• WHAT IS NEEDED: Please restate the records that follow exactly, skipping their images.

• MATERIAL SHOWN:

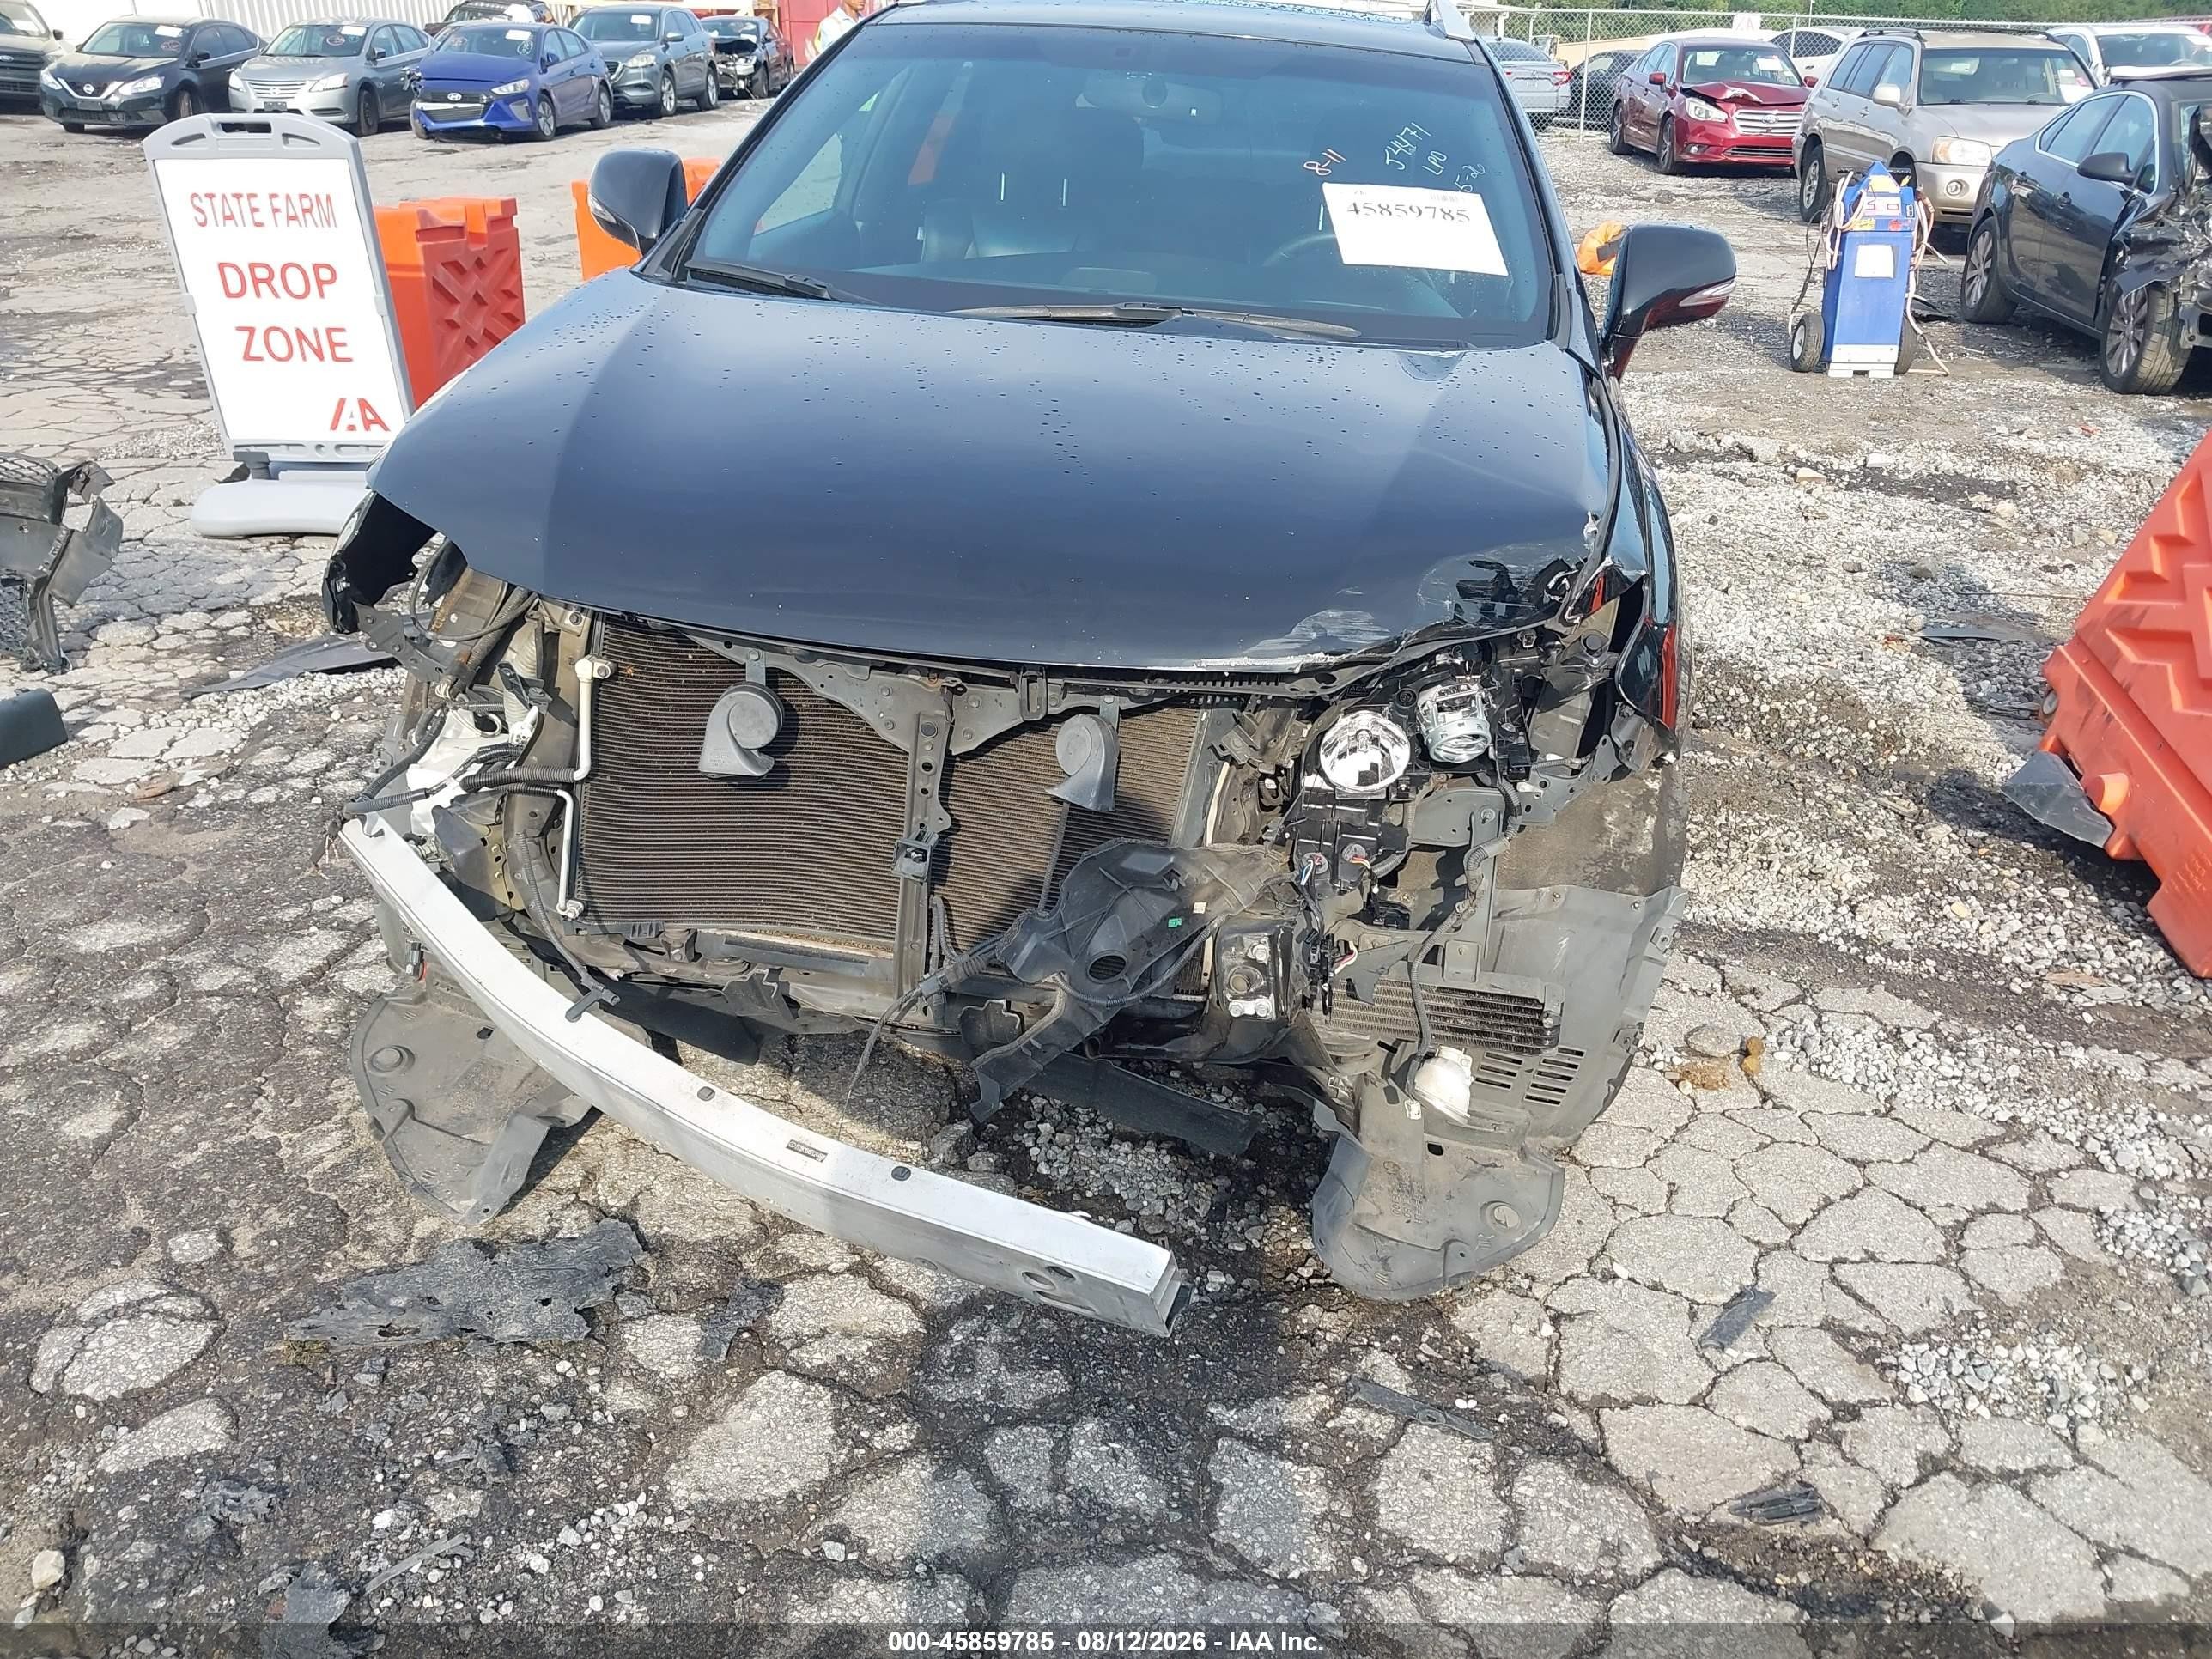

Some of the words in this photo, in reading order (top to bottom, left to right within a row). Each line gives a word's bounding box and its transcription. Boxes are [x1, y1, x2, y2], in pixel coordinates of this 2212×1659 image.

[1304, 149, 1346, 175] 8-11
[190, 192, 265, 228] STATE
[268, 192, 337, 228] FARM
[1346, 202, 1470, 222] 45859785
[216, 262, 337, 300] DROP
[234, 325, 354, 362] ZONE
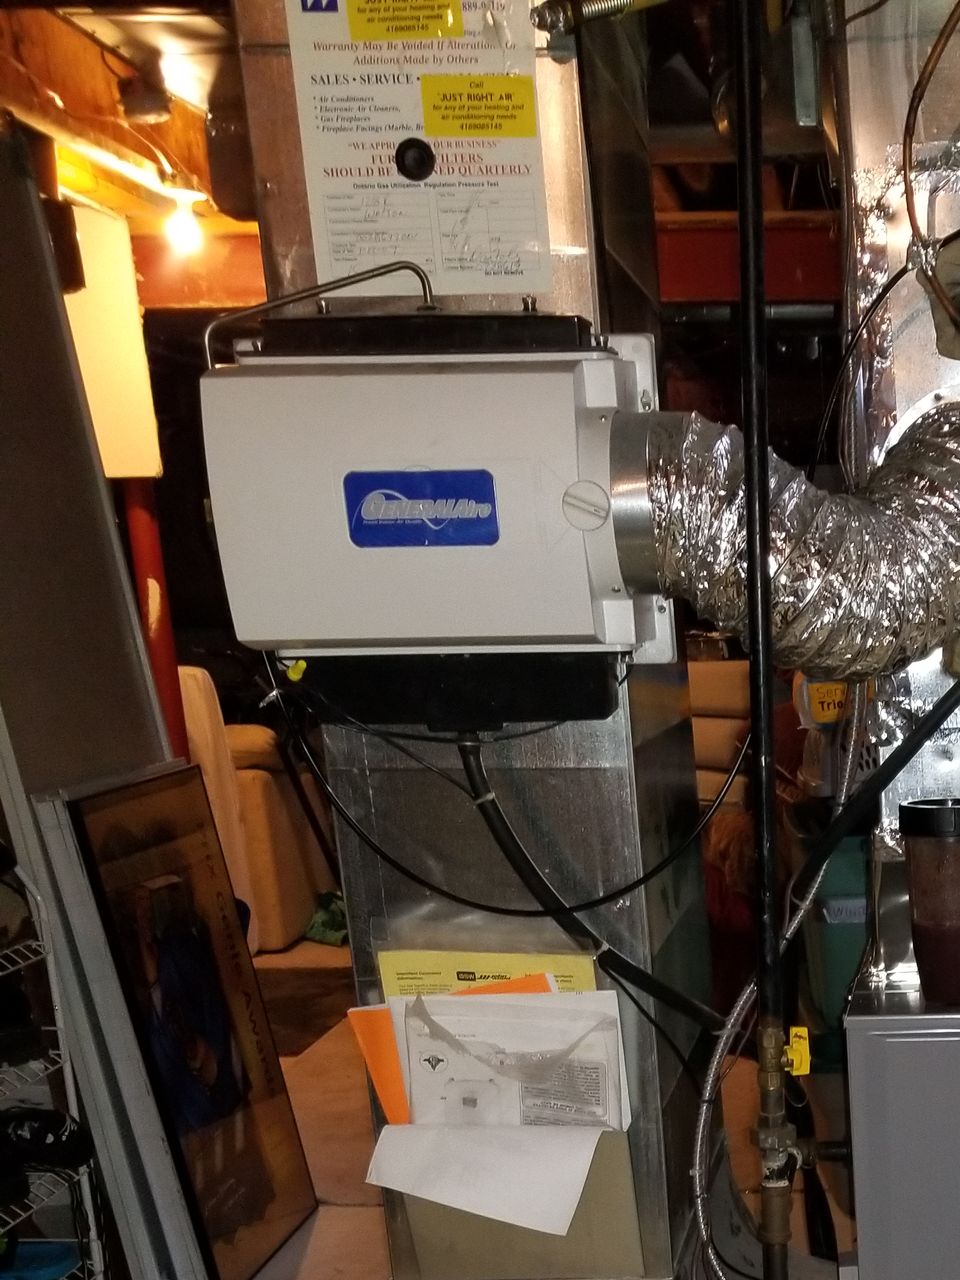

• TASK OUTPUT:
Some of the words in this photo, in reading order (top to bottom, left to right within a row). Each line gives a word's bounding box and its transcription. Boxes are [x1, y1, x2, y2], in pixel coordinates of this 2212×1659 image.

[1304, 149, 1346, 175] 8-11
[190, 192, 265, 228] STATE
[268, 192, 337, 228] FARM
[1346, 202, 1470, 222] 45859785
[216, 262, 337, 300] DROP
[234, 325, 354, 362] ZONE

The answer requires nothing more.